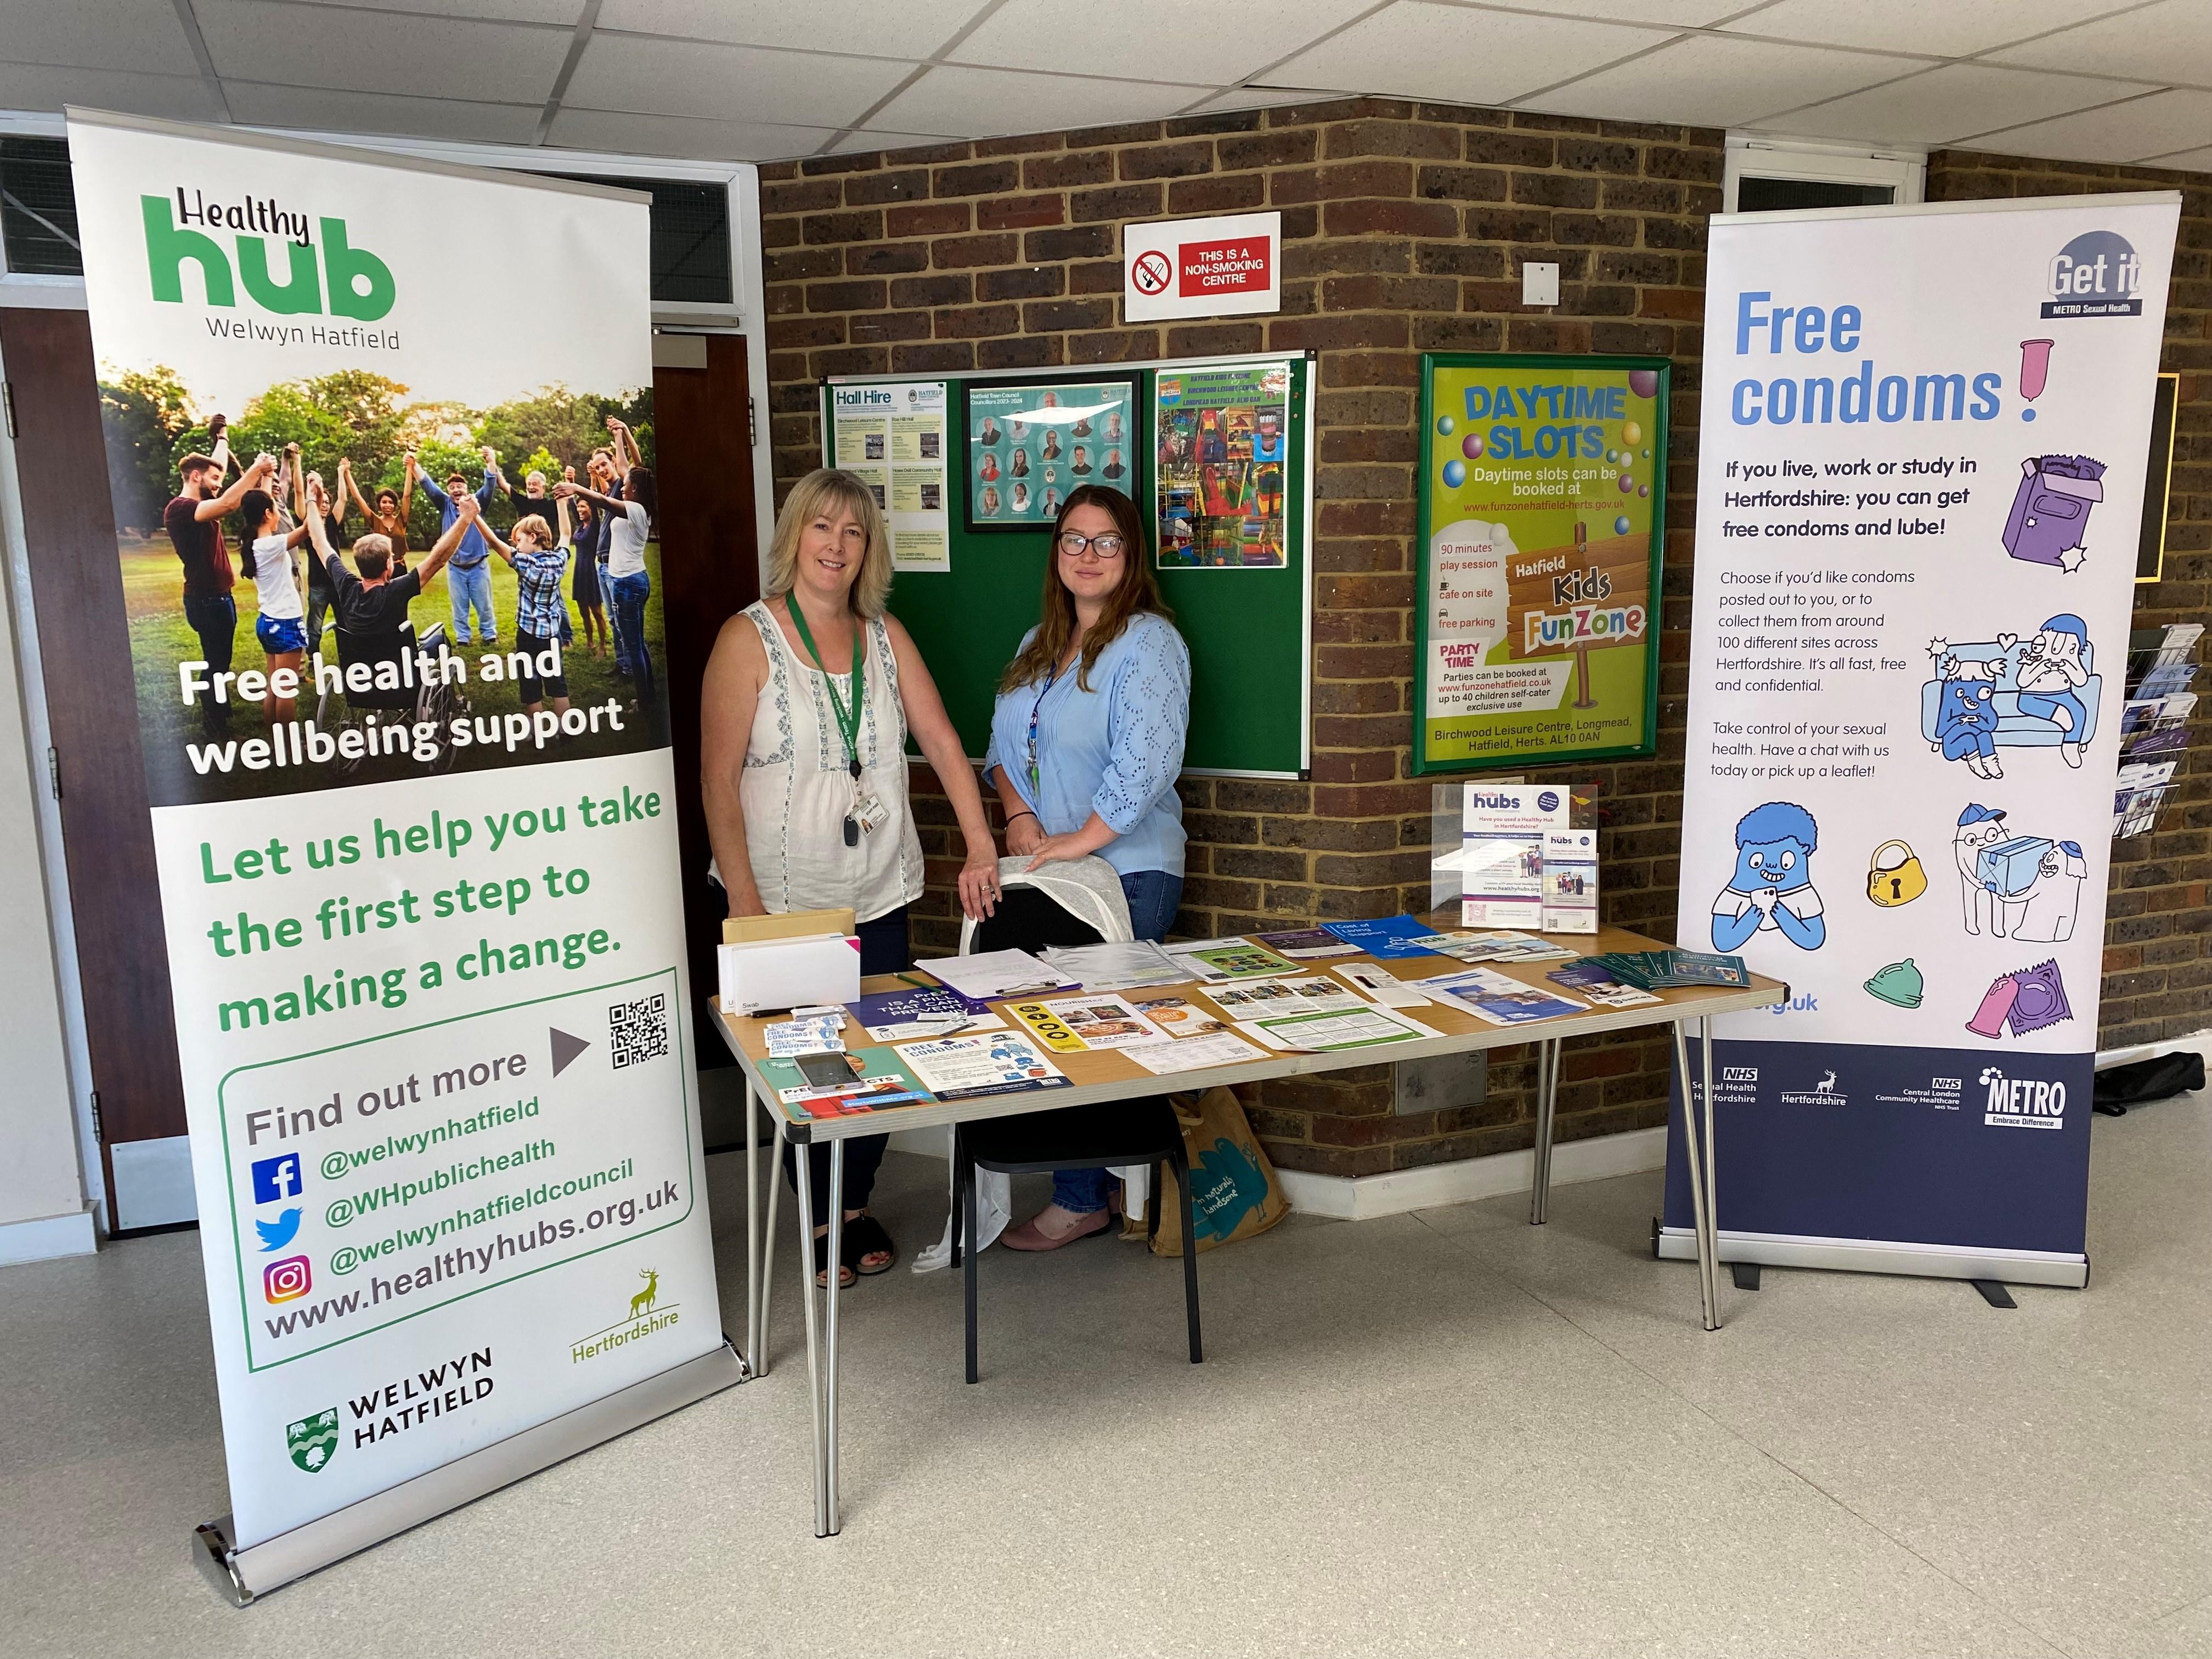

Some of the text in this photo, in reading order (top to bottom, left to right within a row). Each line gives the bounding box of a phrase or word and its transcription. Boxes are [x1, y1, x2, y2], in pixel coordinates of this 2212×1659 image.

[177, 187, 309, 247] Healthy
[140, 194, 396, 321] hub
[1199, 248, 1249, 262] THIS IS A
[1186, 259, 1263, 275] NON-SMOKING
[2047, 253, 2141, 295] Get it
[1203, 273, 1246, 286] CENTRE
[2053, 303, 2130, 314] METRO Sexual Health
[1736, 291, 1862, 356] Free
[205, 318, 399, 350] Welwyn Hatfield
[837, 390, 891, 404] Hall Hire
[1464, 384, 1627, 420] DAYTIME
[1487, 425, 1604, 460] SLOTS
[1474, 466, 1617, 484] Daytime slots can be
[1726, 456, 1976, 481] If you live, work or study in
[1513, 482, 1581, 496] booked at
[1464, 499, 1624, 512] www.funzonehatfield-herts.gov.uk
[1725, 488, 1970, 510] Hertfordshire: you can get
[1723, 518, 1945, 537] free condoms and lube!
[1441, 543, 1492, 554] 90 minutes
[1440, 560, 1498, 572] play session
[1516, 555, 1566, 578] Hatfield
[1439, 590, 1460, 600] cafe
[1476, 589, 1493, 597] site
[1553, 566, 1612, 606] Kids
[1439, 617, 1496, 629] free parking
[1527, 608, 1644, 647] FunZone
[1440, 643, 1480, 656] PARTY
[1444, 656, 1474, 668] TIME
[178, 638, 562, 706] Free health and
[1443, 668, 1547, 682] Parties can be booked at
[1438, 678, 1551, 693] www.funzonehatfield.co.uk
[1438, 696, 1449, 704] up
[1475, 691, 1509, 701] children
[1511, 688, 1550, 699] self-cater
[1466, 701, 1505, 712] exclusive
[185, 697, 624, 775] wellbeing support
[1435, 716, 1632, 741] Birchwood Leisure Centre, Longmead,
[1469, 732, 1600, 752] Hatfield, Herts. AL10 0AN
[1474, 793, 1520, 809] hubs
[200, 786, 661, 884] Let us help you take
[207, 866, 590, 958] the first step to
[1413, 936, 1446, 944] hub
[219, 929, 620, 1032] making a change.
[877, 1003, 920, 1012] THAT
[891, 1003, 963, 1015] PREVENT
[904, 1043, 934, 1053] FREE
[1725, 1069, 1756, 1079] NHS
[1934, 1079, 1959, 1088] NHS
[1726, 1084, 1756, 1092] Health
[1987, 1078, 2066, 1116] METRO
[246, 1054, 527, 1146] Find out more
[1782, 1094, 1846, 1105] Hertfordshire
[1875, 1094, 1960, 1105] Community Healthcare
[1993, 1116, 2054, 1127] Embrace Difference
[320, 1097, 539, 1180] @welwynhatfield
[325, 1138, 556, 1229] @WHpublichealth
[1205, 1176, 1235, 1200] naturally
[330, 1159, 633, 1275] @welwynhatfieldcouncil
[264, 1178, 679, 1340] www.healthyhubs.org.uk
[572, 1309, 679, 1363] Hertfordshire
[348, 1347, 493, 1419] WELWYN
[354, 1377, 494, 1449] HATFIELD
───
What to work on
Except for the pictures, write the data out exactly.

Solution
Some of the text in this photo, in reading order (top to bottom, left to right within a row). Each line gives the bounding box of a phrase or word and its transcription. Boxes are [x1, y1, x2, y2], in pixel coordinates of this 2212×1659 image.

[177, 187, 309, 247] Healthy
[140, 194, 396, 321] hub
[1199, 248, 1249, 262] THIS IS A
[1186, 259, 1263, 275] NON-SMOKING
[2047, 253, 2141, 295] Get it
[1203, 273, 1246, 286] CENTRE
[2053, 303, 2130, 314] METRO Sexual Health
[1736, 291, 1862, 356] Free
[205, 318, 399, 350] Welwyn Hatfield
[837, 390, 891, 404] Hall Hire
[1464, 384, 1627, 420] DAYTIME
[1487, 425, 1604, 460] SLOTS
[1474, 466, 1617, 484] Daytime slots can be
[1726, 456, 1976, 481] If you live, work or study in
[1513, 482, 1581, 496] booked at
[1464, 499, 1624, 512] www.funzonehatfield-herts.gov.uk
[1725, 488, 1970, 510] Hertfordshire: you can get
[1723, 518, 1945, 537] free condoms and lube!
[1441, 543, 1492, 554] 90 minutes
[1440, 560, 1498, 572] play session
[1516, 555, 1566, 578] Hatfield
[1439, 590, 1460, 600] cafe
[1476, 589, 1493, 597] site
[1553, 566, 1612, 606] Kids
[1439, 617, 1496, 629] free parking
[1527, 608, 1644, 647] FunZone
[1440, 643, 1480, 656] PARTY
[1444, 656, 1474, 668] TIME
[178, 638, 562, 706] Free health and
[1443, 668, 1547, 682] Parties can be booked at
[1438, 678, 1551, 693] www.funzonehatfield.co.uk
[1438, 696, 1449, 704] up
[1475, 691, 1509, 701] children
[1511, 688, 1550, 699] self-cater
[1466, 701, 1505, 712] exclusive
[185, 697, 624, 775] wellbeing support
[1435, 716, 1632, 741] Birchwood Leisure Centre, Longmead,
[1469, 732, 1600, 752] Hatfield, Herts. AL10 0AN
[1474, 793, 1520, 809] hubs
[200, 786, 661, 884] Let us help you take
[207, 866, 590, 958] the first step to
[1413, 936, 1446, 944] hub
[219, 929, 620, 1032] making a change.
[877, 1003, 920, 1012] THAT
[891, 1003, 963, 1015] PREVENT
[904, 1043, 934, 1053] FREE
[1725, 1069, 1756, 1079] NHS
[1934, 1079, 1959, 1088] NHS
[1726, 1084, 1756, 1092] Health
[1987, 1078, 2066, 1116] METRO
[246, 1054, 527, 1146] Find out more
[1782, 1094, 1846, 1105] Hertfordshire
[1875, 1094, 1960, 1105] Community Healthcare
[1993, 1116, 2054, 1127] Embrace Difference
[320, 1097, 539, 1180] @welwynhatfield
[325, 1138, 556, 1229] @WHpublichealth
[1205, 1176, 1235, 1200] naturally
[330, 1159, 633, 1275] @welwynhatfieldcouncil
[264, 1178, 679, 1340] www.healthyhubs.org.uk
[572, 1309, 679, 1363] Hertfordshire
[348, 1347, 493, 1419] WELWYN
[354, 1377, 494, 1449] HATFIELD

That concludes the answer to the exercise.